Basic Git Commands

Basic Git commands to get you started if you are just starting to use Git for version control.

Conventions:
• Commands you should type into your terminal window are highlighted with grey.
Underlined text is just an example, replace with what’s relevant to what you want to do.

The Absolute Basic Commands to Get You Started

Check the current branch you’re in:
git branch

Switching branches:
git checkout master

Show changes in your branch (which haven’t been committed yet.):
git status

Pull in latest code into a shared branch
(make sure to type the correct branch name:)
git pull origin master

Pull in latest code from shared branch into a private branch to keep it up to date
git pull --rebase origin master

Committing files:
git add .

“.” = all files
You can also enter the file path for one or more specific files

git commit –m "describe change being committed"

Push to remote branch (you should usually do another pull first to check for conflicts):
git push origin master

Fixing Merge Conflicts

After pulling you may occasionally see a message warning that you have a merge conflict in one or more files.

(To fix these you can just open the problem file(s) in your code editor and so a search for “>>” and clean up the problem code then do another git add and commit.)
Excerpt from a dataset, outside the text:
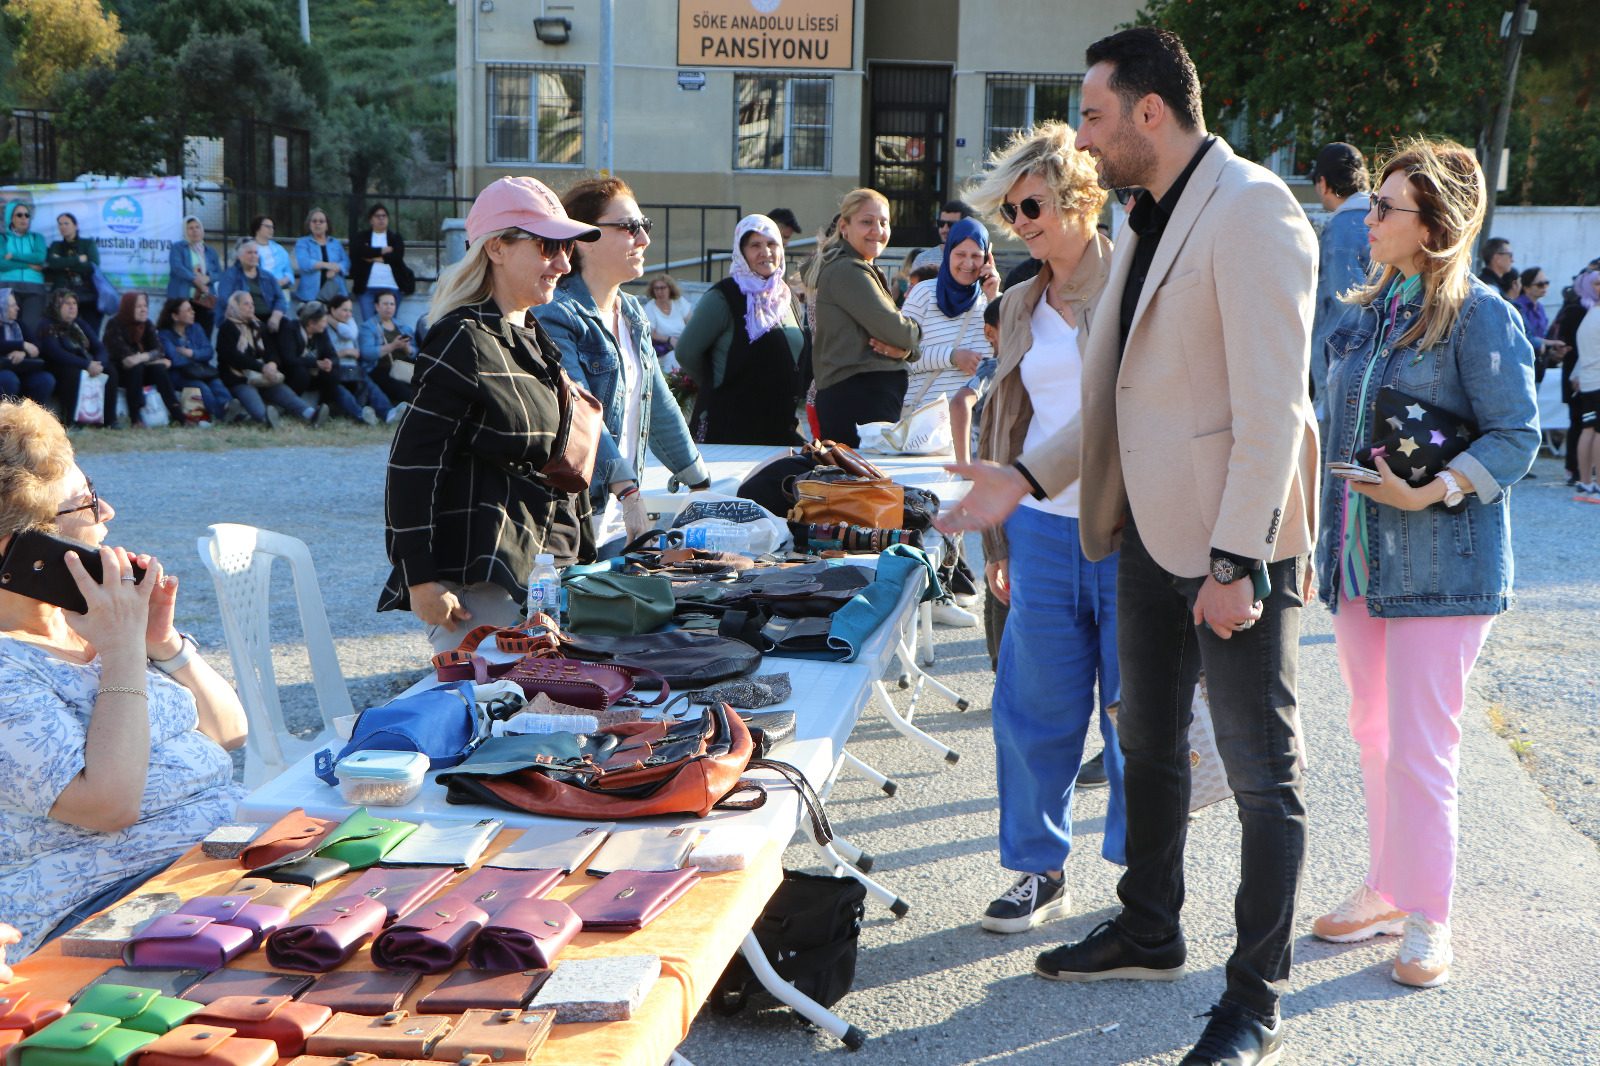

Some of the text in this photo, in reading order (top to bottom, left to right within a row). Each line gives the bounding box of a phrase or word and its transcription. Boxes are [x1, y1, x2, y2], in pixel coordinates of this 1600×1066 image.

Revert your changes and overwrite with latest version before you merged:
git checkout file path

Get rid of all your changes (if something goes wrong and you don’t want to commit):
git checkout .

After resolving a merge conflict you can commit again normally:
git commit –m "resolved merge conflict

Working with Branches

Check which branch you are in (returns a list of all your branches with the current one marked):
git branch

Switching branches:
git checkout branch-name

Checkout a new branch which someone else has created and track it
(Make sure to enter the correct branch name or you will get an error):
git fetch
git checkout –t origin/friends-branch-name

Delete an old branch:
git branch –d branch-you-want-to-delete

Create a new duplicate branch to your current one
(”cd” to your main code directory first. Enter any name you like for your new branch.):
git checkout –b your-new-branch-name

After creating a new branch make sure to commit there.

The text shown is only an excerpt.